What do you mean by 'checkpointing the hash'?

How far can you go into an SHA1 calculation and then change the input and have your calculation be useful?

gojomo · on July 23, 2009

The function as applied to a stream of bytes has a certain amount of internal state. You could at any moment take a snapshot of the entire state, and from that point, feed it different suffixes of the same previously-fed data. In this way, you calculate many final hashes without always repeating the redundant part (the shared prefix).

For a concrete example, consider let us say you wanted to take the SHA1 of the input that is 1MB of 'a' followed by an 'a', and then 1MB of 'a' followed by a 'b', etc.

You don't have to run the SHA1 function over 'a...aa', then reset from scratch and run it over 'a...ab'. You can run it over 'a...a' without then feeding it the final byte or performing its final steps, snapshot its state (which is only some small multiple of its final output size), and then quickly calculate 'a...aa', 'a...ab', 'a...ac', etc. without redundantly feeding the identical 1MB prefix in each time.
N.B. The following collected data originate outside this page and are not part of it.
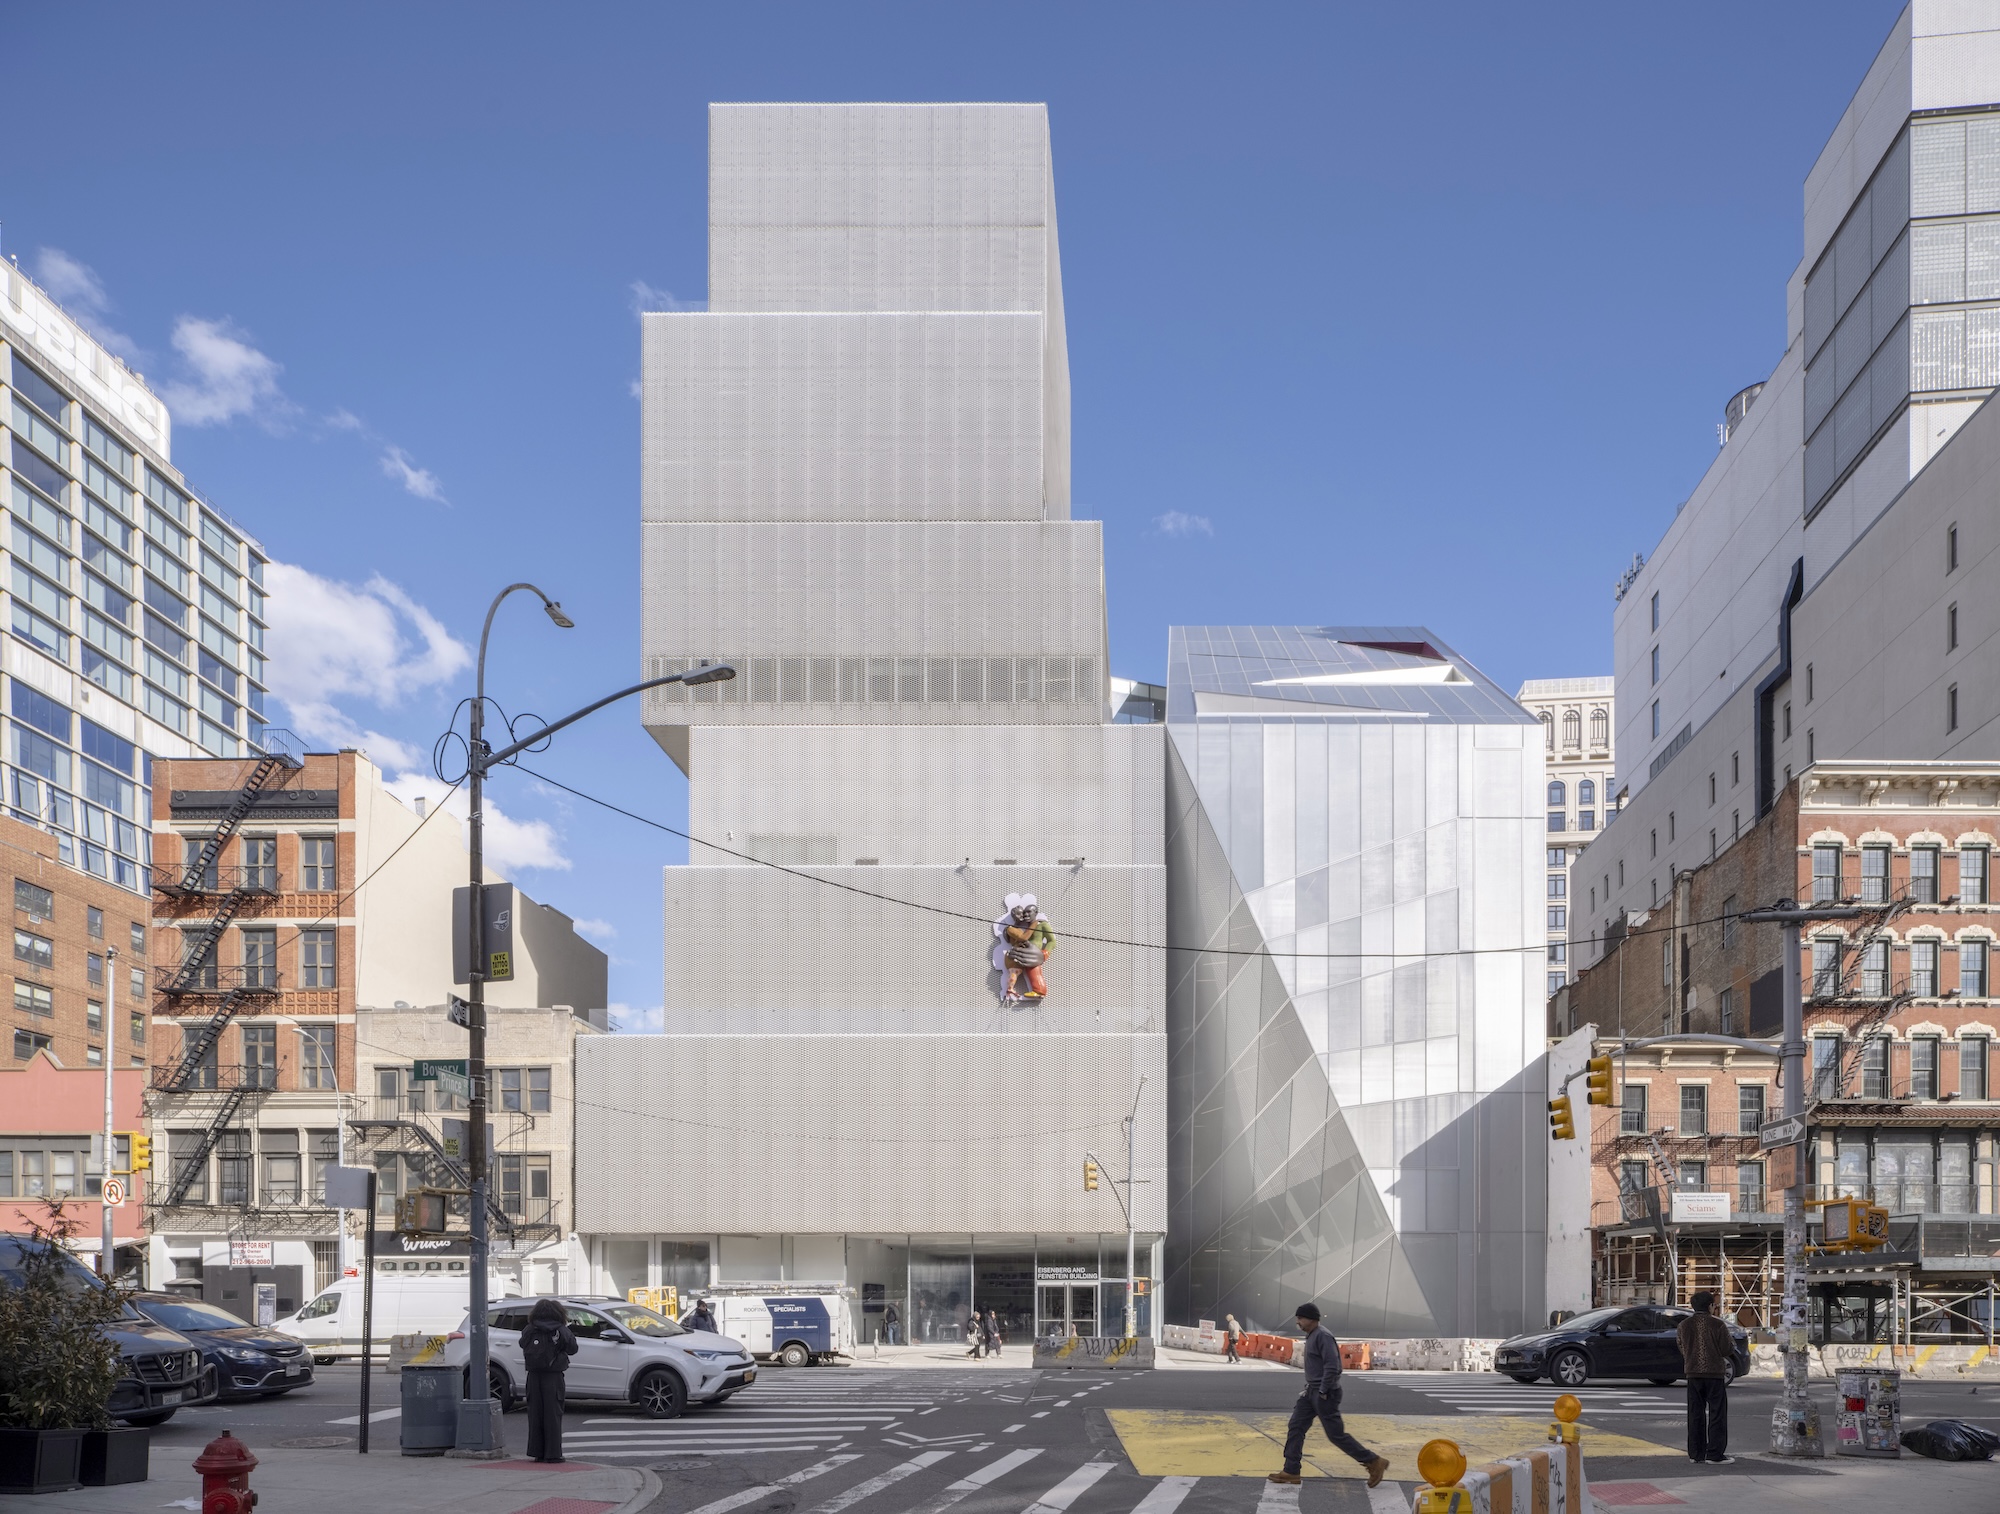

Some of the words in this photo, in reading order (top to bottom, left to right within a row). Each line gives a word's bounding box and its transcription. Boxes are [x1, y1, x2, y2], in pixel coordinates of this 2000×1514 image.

[493, 953, 506, 961] NYC
[492, 960, 508, 968] TATTOO
[493, 968, 508, 976] SHOP
[454, 1005, 466, 1020] ONE
[441, 1073, 462, 1094] Prince
[1764, 1129, 1777, 1142] ONE
[1782, 1123, 1797, 1137] WAY
[1686, 1204, 1716, 1212] Sciame
DocSavage · on July 23, 2009

Is snapshotting the equivalent of using copy() in python's hashlib? I did something like below but only got a minor speed increase --

  stem_sha = hashlib.new('sha1')
  stem_sha.update('ruby ruby ruby... rails rails ')
  for suffix in random_char_set:  # Gets random 5 char phrase
      test_sha = stem_sha.copy()
      test_sha.update(suffix)
      ...

gojomo · on July 23, 2009

From the hashlib documentation, yes, it appears so.

Note, though, SHA1 works in 512-bit (64-byte) blocks, so 'snapshotting' after feeding it (for example) 63 bytes hasn't saved any hard work -- the routine was only buffering those 63 waiting for byte #64 (or the digest-finish operation) to do the real crunching.
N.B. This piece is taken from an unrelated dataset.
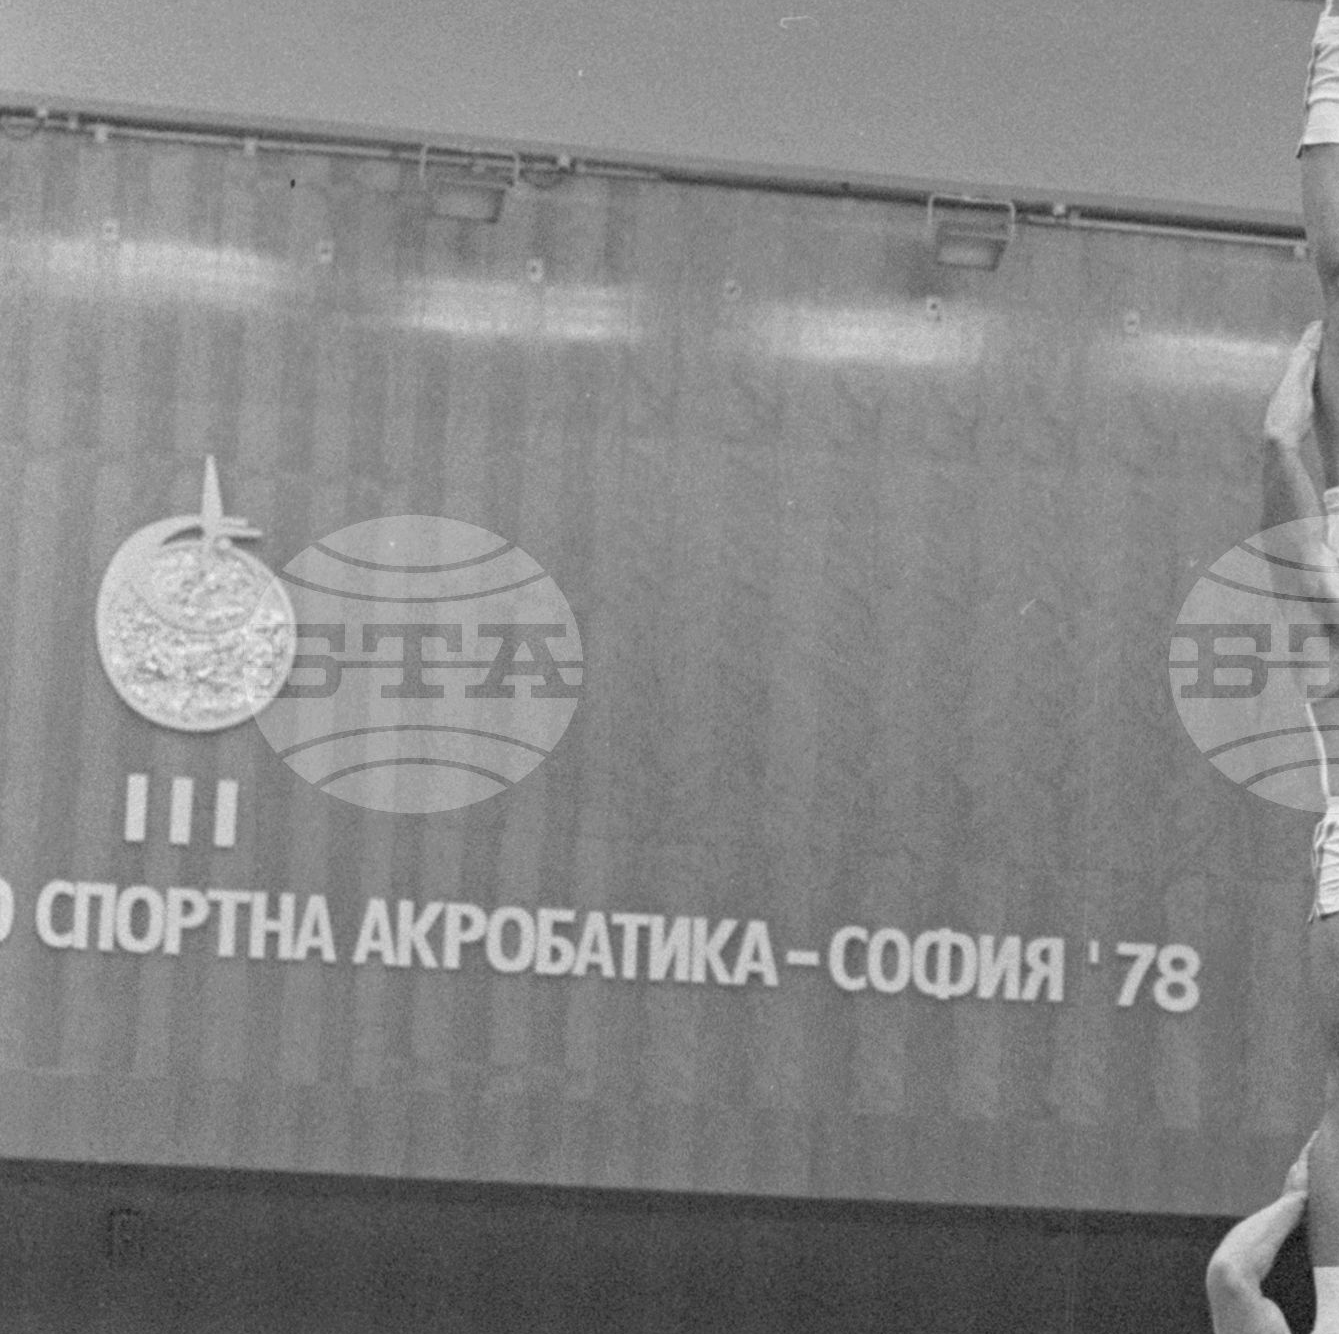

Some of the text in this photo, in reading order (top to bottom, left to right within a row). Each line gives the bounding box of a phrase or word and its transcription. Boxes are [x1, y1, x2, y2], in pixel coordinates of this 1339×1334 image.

[124, 772, 239, 849] III
[35, 878, 337, 964] СПОРТНА
[1087, 939, 1202, 1012] '78
And, the tiny EngineYard strings don't offer a giant opportunity for precalculation savings. The usual pattern for digesting is:

  1 x new()
  N x update()
  1 x digest()

The copy() lets you snapshot state after M update()s, M<N, to speed future calculations. Obviously if M is a lot -- there is a large shared prefix -- there could be big savings. But with the EngineYard strings, M should never be more than 1 block/update(). (If it is, your 10-word preamble was wastefully long.) So the potential savings are capped relative to the cost of the copy() and the (unavoidable) second update() and digest(). If the second update() and final digest() are roughly as costly as the first update() and original new(), and if the copy() is nearly costless, I suppose the speedup could approach 2x.
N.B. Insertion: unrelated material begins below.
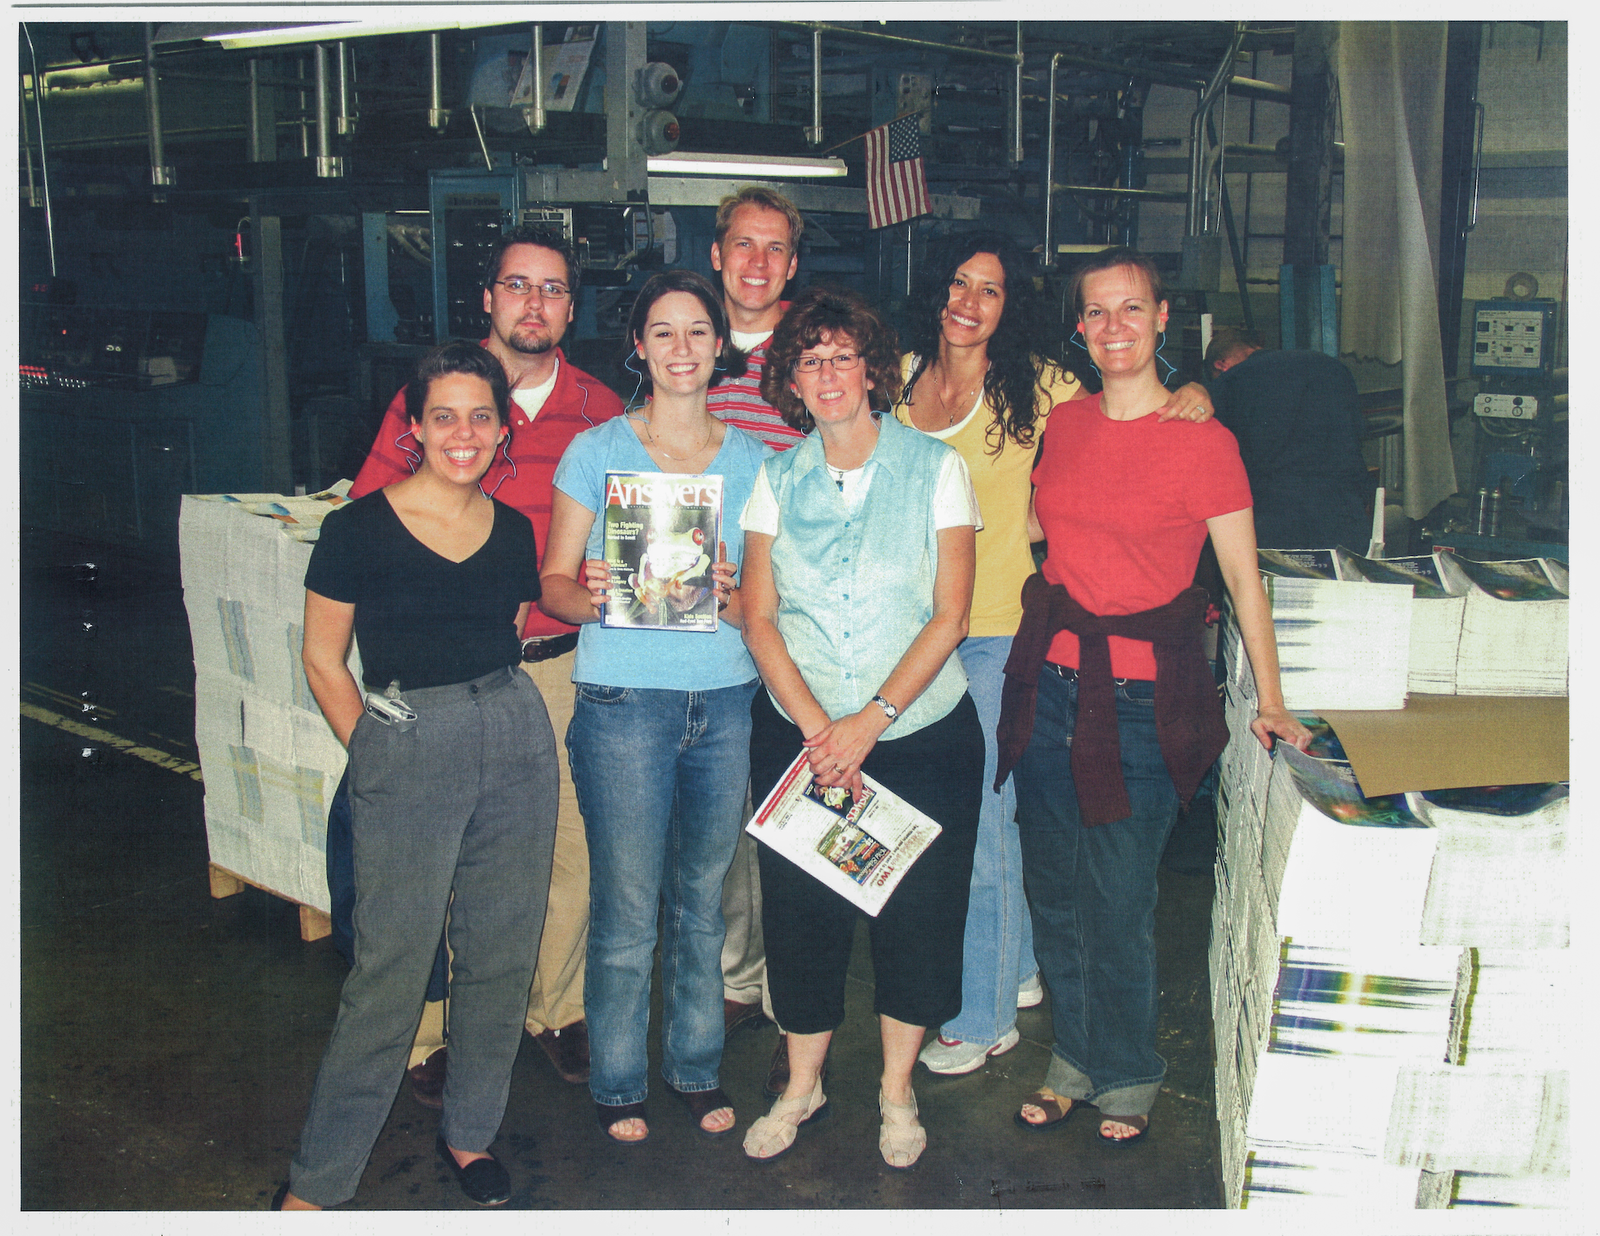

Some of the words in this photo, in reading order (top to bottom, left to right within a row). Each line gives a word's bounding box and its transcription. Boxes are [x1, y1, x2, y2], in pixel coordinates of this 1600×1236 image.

But also: I suspect an optimized C SHA1 operation on tiny amounts of data is going to scream compared to your Python loop and calling overheads -- so any improvement from your copy() reuse may be noise compared to what's taking up most of your loop time.

dchest · on July 22, 2009

Description: http://www.win.tue.nl/cccc/sha-1-challenge.html

electronslave · on July 22, 2009

As of right now (20090722 0700UTC) CodingCrypto has won. The programmer on both CodingCrypto and hashbreaker?

Why, none other than our good friend -- and my personal hero -- djb! I have no doubt that the race was actually between seibert and djb.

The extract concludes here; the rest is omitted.